In Memoriam

Looking back, it appears that sometimes in life, the Divine has picked me up and placed me where I needed to be without my having much to do with it. That’s how I feel about having landed my first full-time job in the office of one W. David Conn, vice provost for academic programs at Cal Poly, San Luis Obispo.

At thirty-one, uncertain that I had any marketable skills but in need of a steadier income, I took an administrative assistant job in David’s office. Universities, I would learn, are very hierarchical places, and administrative assistants are near the bottom. I didn’t learn this from David, however.

Instead, when I’d been there only a few months, he asked me to take a crack at rewriting the university mission statement. He didn’t take my work to his meeting with the vice presidents—he took me and my work. I had no idea at the time how unusual this approach was.

David expanded my concept of generosity. When a decision needed to be made, he always focused on how it would affect the students rather than whether it meant more work for him. He championed causes like diversity and student advising when they had no home in the official university structure, not because it was his job but because he was passionate about doing the right thing. And he didn’t say a word the time I almost sent an important university report off without letting the president review it.

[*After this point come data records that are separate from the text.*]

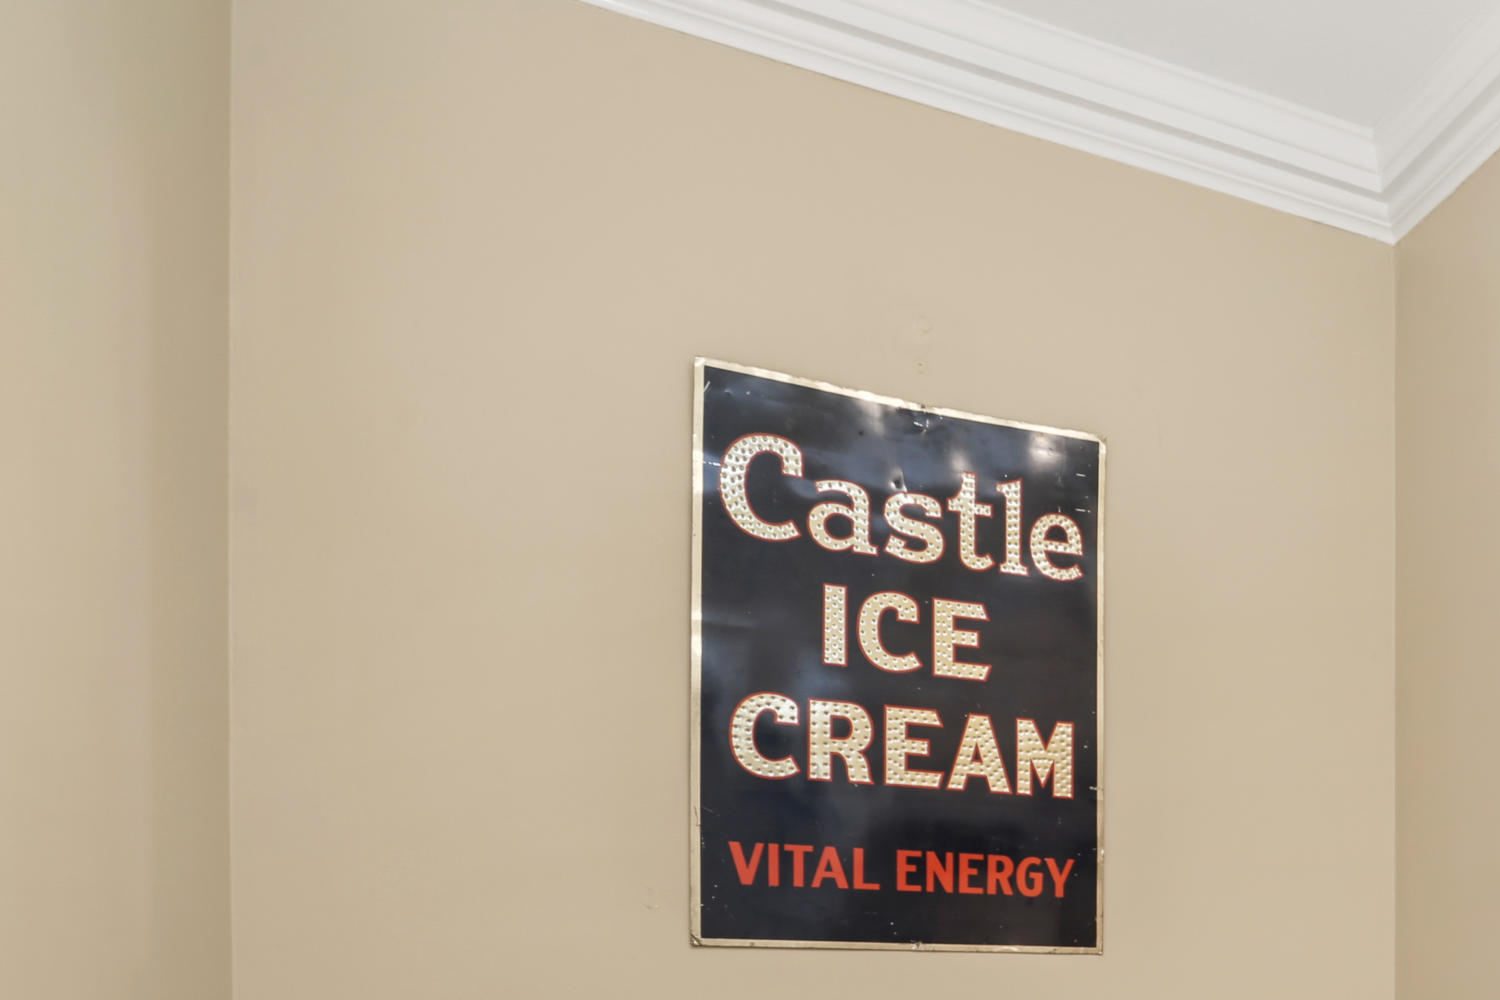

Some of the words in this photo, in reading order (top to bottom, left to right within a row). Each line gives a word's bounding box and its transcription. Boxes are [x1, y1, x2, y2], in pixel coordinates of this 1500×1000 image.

[719, 432, 1085, 582] Castle
[822, 583, 993, 682] ICE
[729, 691, 1075, 799] CREAM
[728, 841, 880, 891] VITAL
[896, 850, 1075, 899] ENERGY
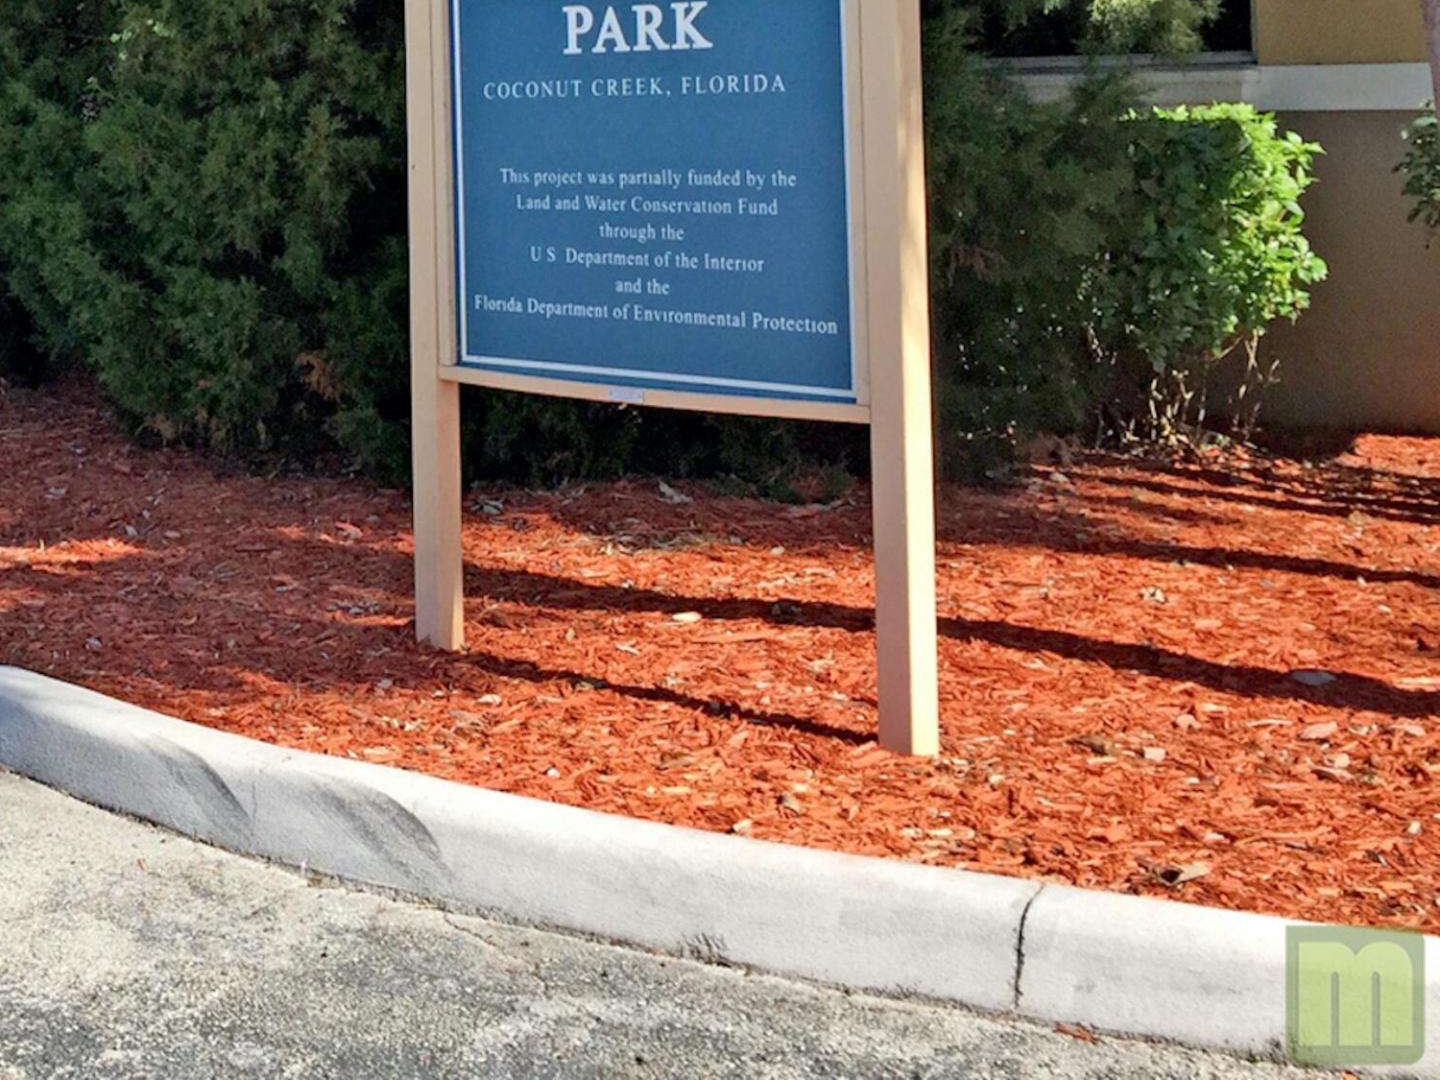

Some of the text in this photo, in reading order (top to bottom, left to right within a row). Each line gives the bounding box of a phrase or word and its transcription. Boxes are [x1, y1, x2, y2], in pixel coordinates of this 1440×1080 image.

[562, 1, 713, 55] PARK
[483, 74, 786, 100] COCONUT CREEK, FLORIDA
[500, 168, 797, 191] This project was partially funded by the
[516, 194, 778, 216] Land and Water Conservation Fund
[599, 222, 685, 243] through the
[565, 247, 649, 269] Department
[654, 251, 672, 267] of
[676, 252, 699, 269] the
[705, 253, 765, 272] Interior
[616, 278, 670, 295] and the
[474, 294, 838, 334] Florida Department of Environmental Protection
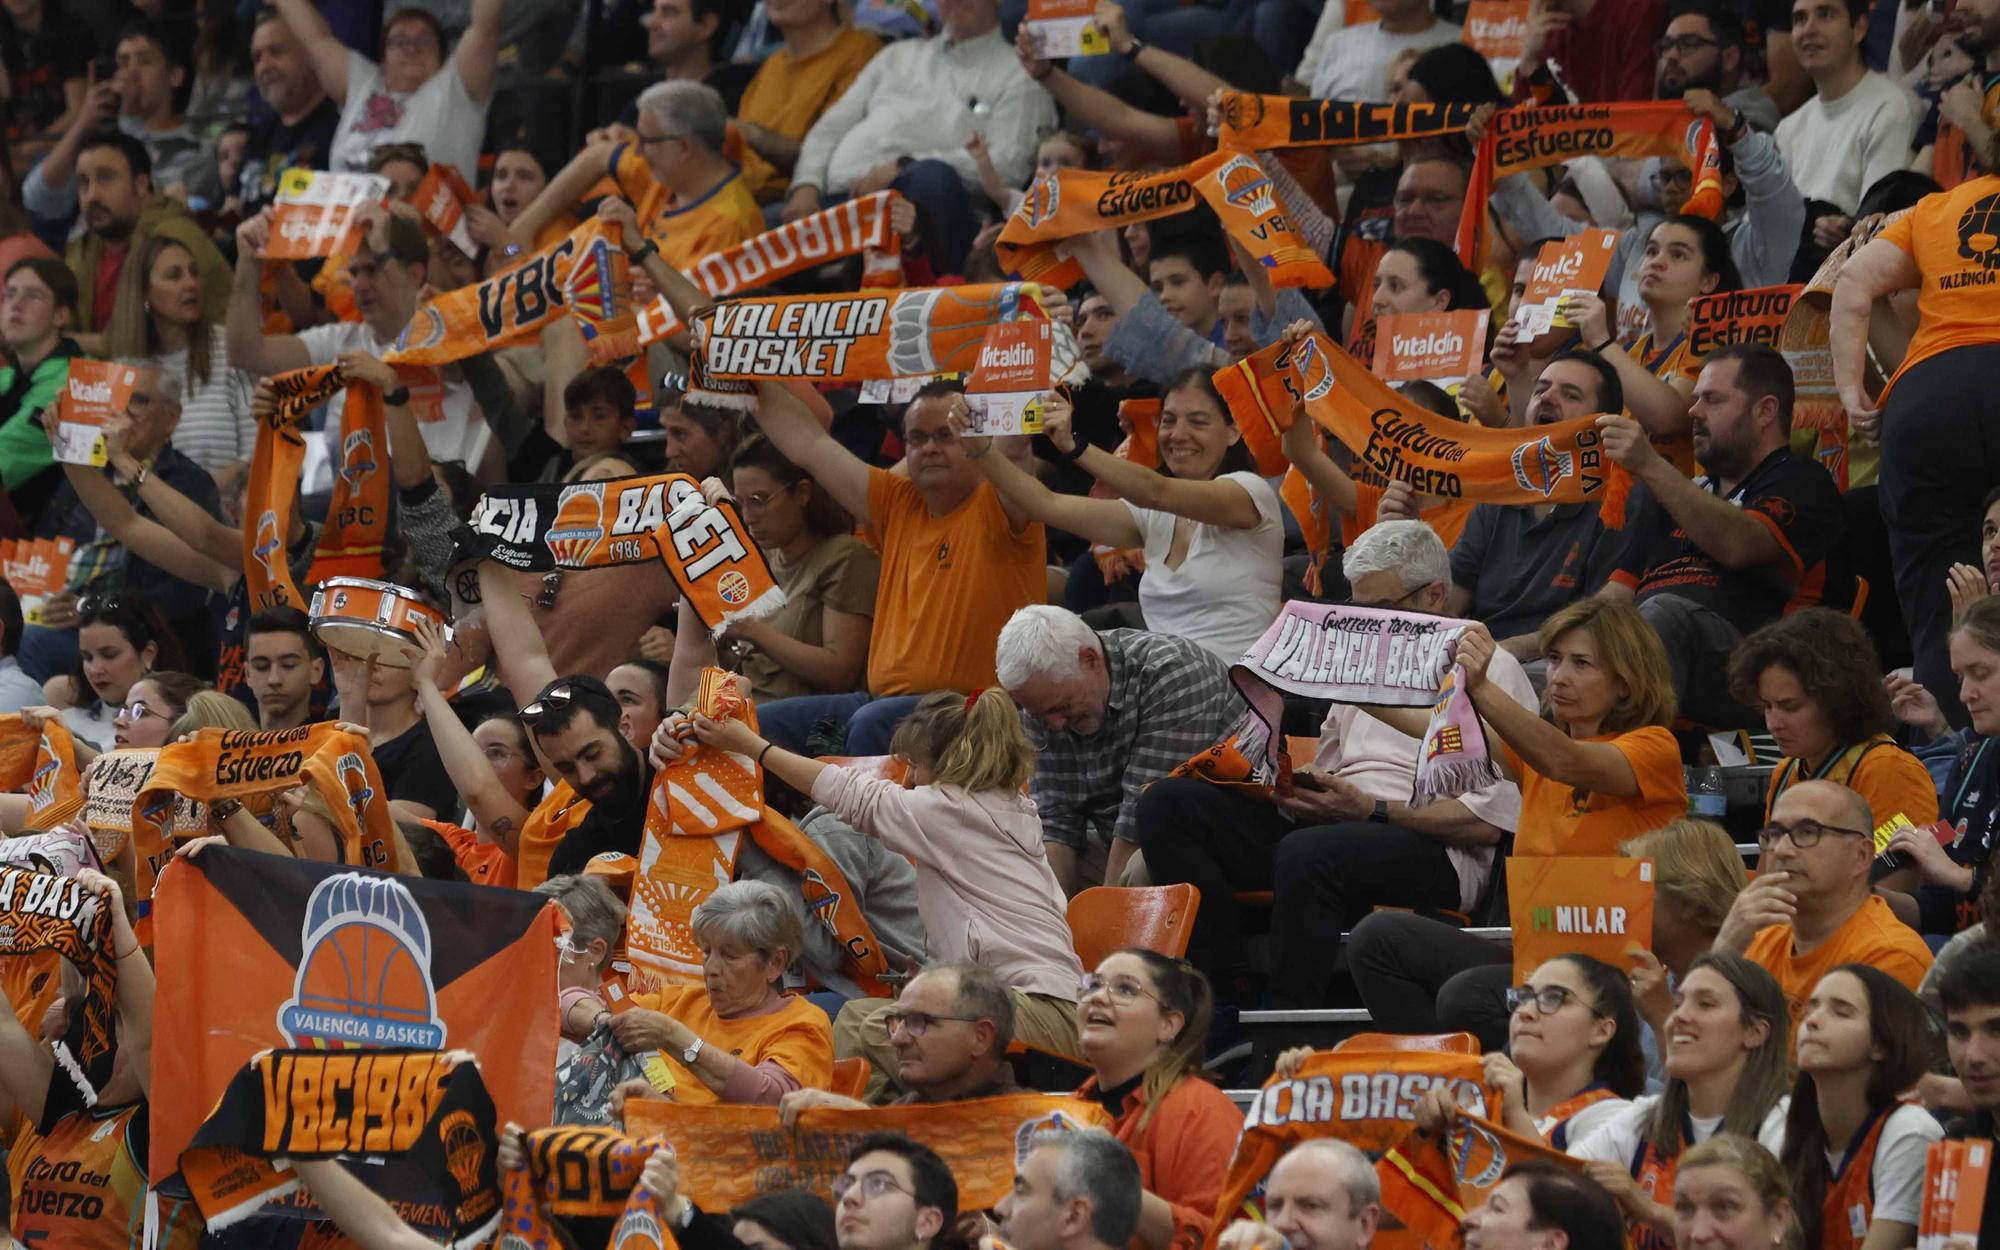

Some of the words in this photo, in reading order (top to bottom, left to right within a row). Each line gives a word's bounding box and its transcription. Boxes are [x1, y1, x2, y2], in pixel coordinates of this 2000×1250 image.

[1496, 127, 1614, 167] Esfuerzo
[1097, 179, 1193, 218] Esfuerzo
[479, 238, 573, 338] VBC
[712, 298, 888, 338] VALENCIA
[1694, 292, 1792, 325] Cultura
[708, 337, 856, 377] BASKET
[982, 342, 1034, 368] Vitaldin
[1392, 330, 1463, 357] Vitaldin
[1371, 408, 1449, 459] Cultura
[1363, 431, 1463, 500] Esfuerzo
[1575, 428, 1604, 495] VBC
[609, 539, 641, 561] 1986
[1322, 611, 1384, 633] Guerreres
[1261, 613, 1381, 685] VALENCIA
[215, 750, 304, 785] Esfuerzo
[1555, 905, 1627, 935] MILAR
[294, 1013, 370, 1039] VALENCIA
[375, 1024, 435, 1047] BASKET
[79, 1170, 111, 1188] del
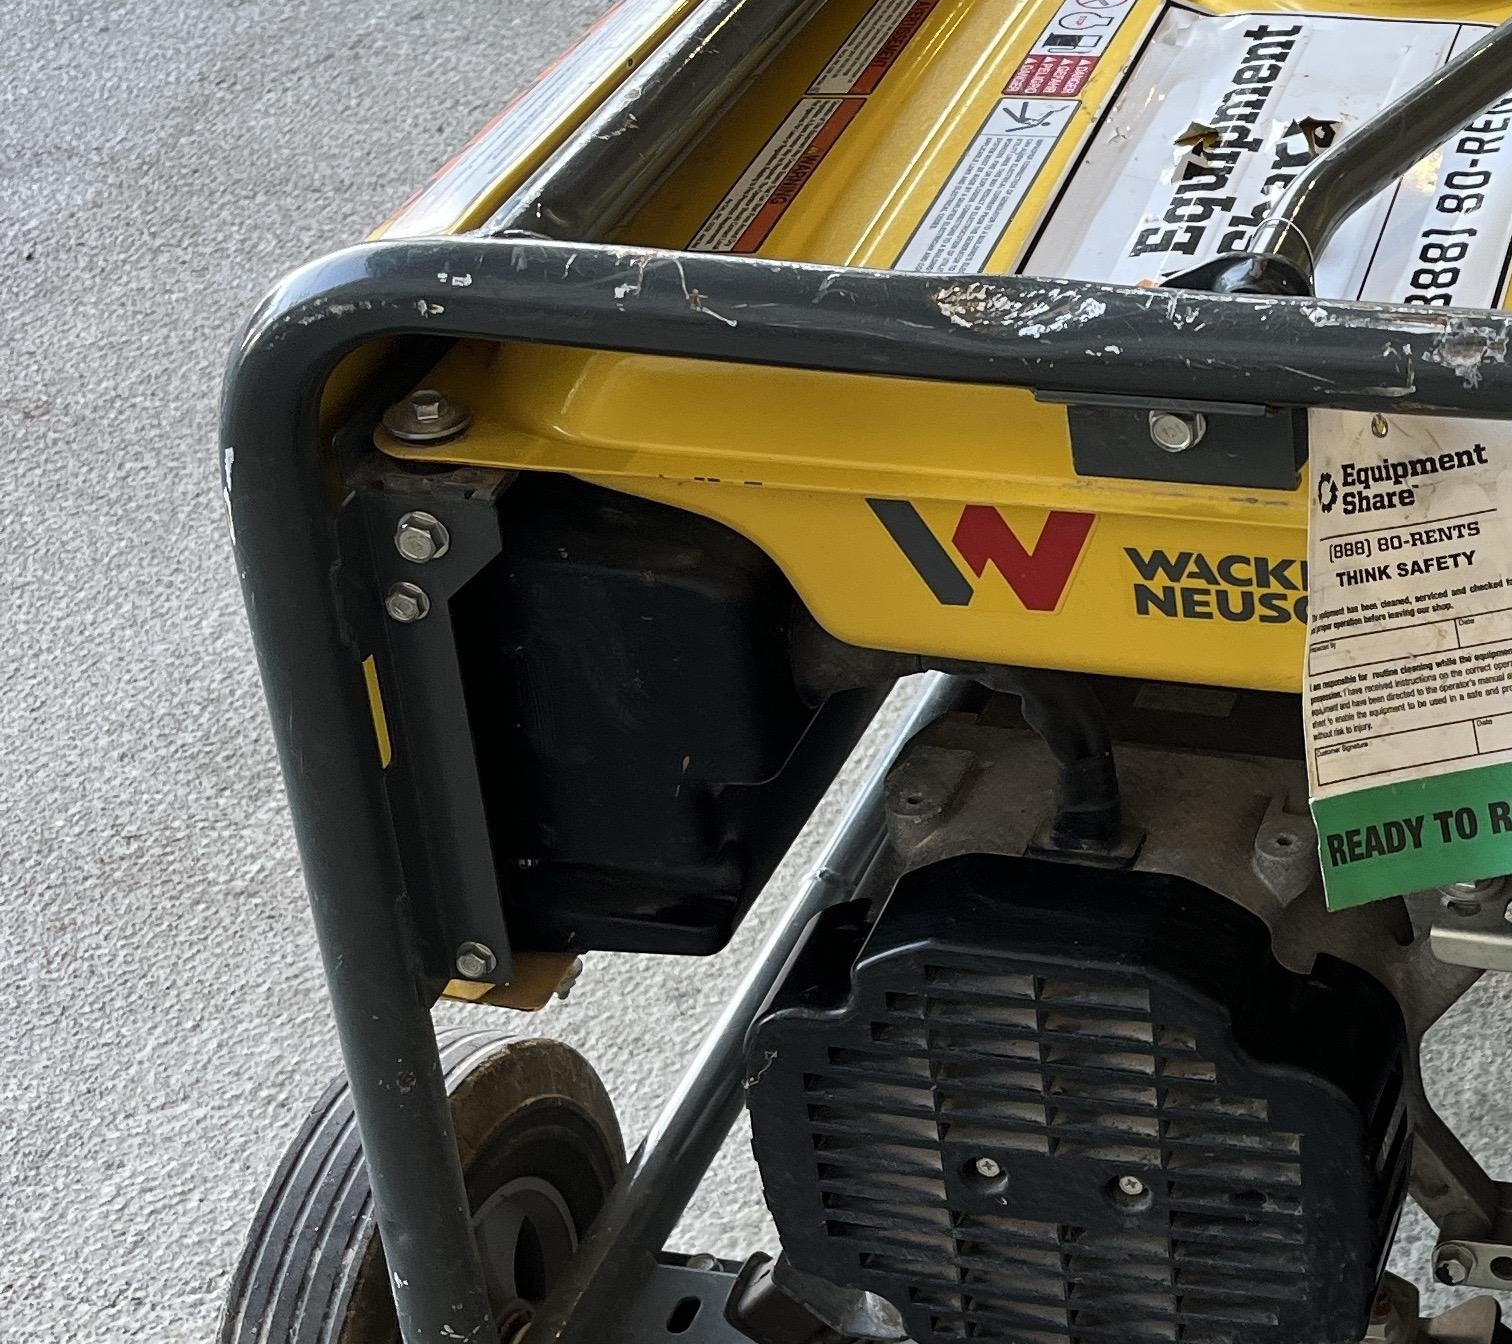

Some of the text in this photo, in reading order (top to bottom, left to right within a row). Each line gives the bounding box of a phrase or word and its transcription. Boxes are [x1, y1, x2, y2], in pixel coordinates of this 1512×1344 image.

[1341, 443, 1489, 490] Equipment
[1342, 488, 1416, 516] Share
[1329, 521, 1481, 563] (888) 80-RENTS
[1123, 546, 1308, 591] WACK
[1336, 550, 1477, 588] THINK SAFETY
[1365, 681, 1393, 692] received
[1395, 675, 1436, 687] instructions
[1465, 664, 1491, 675] correct
[1459, 655, 1472, 664] the
[1386, 689, 1415, 701] directed
[1327, 815, 1425, 867] READY
[1433, 807, 1478, 843] TO

When we no longer worked in the same office, I saw him a few times a year to share a meal, and he always brought a tangible joy to the gathering. To be the kind of boss with whom it is easy to have a graceful transition into friendship is no small thing.

David recently passed over to whatever comes after this life, a far too early exit for such a wonderful human being. It’s hard to believe I knew him less than twelve years—his presence in my life and the beauty he brought to it seem larger than could have fit in that time.

Here are some other things I loved about David:

  • His eyes twinkled, never more so than when his grandchildren came to visit.
  • He laughed often.
  • He remained thoroughly British—at least to my American sensibilities—despite having spent most of his adult life in the U.S.
  • He never took himself too seriously. He always said, “The battles in academia are so fierce because the stakes are so low,” even though he was a lifelong academic.
  • He worked hard but maintained a healthy perspective on life. Both for himself and for those he worked with, family always came first.

I’m a better person for having known David. As they say in the Jewish tradition to which he belonged, may his memory be for a blessing. It certainly is for me.

Now

This is not an easy world to live in. A glance at any of the “Top Stories of 2016” lists will tell you that, but smaller, everyday occurrences reminded me of this truth at the beginning of 2017.

A friend’s grandma died. I learned another friend will undergo five months of chemotherapy. A third friend wrote about caring for his wife who is losing her memory.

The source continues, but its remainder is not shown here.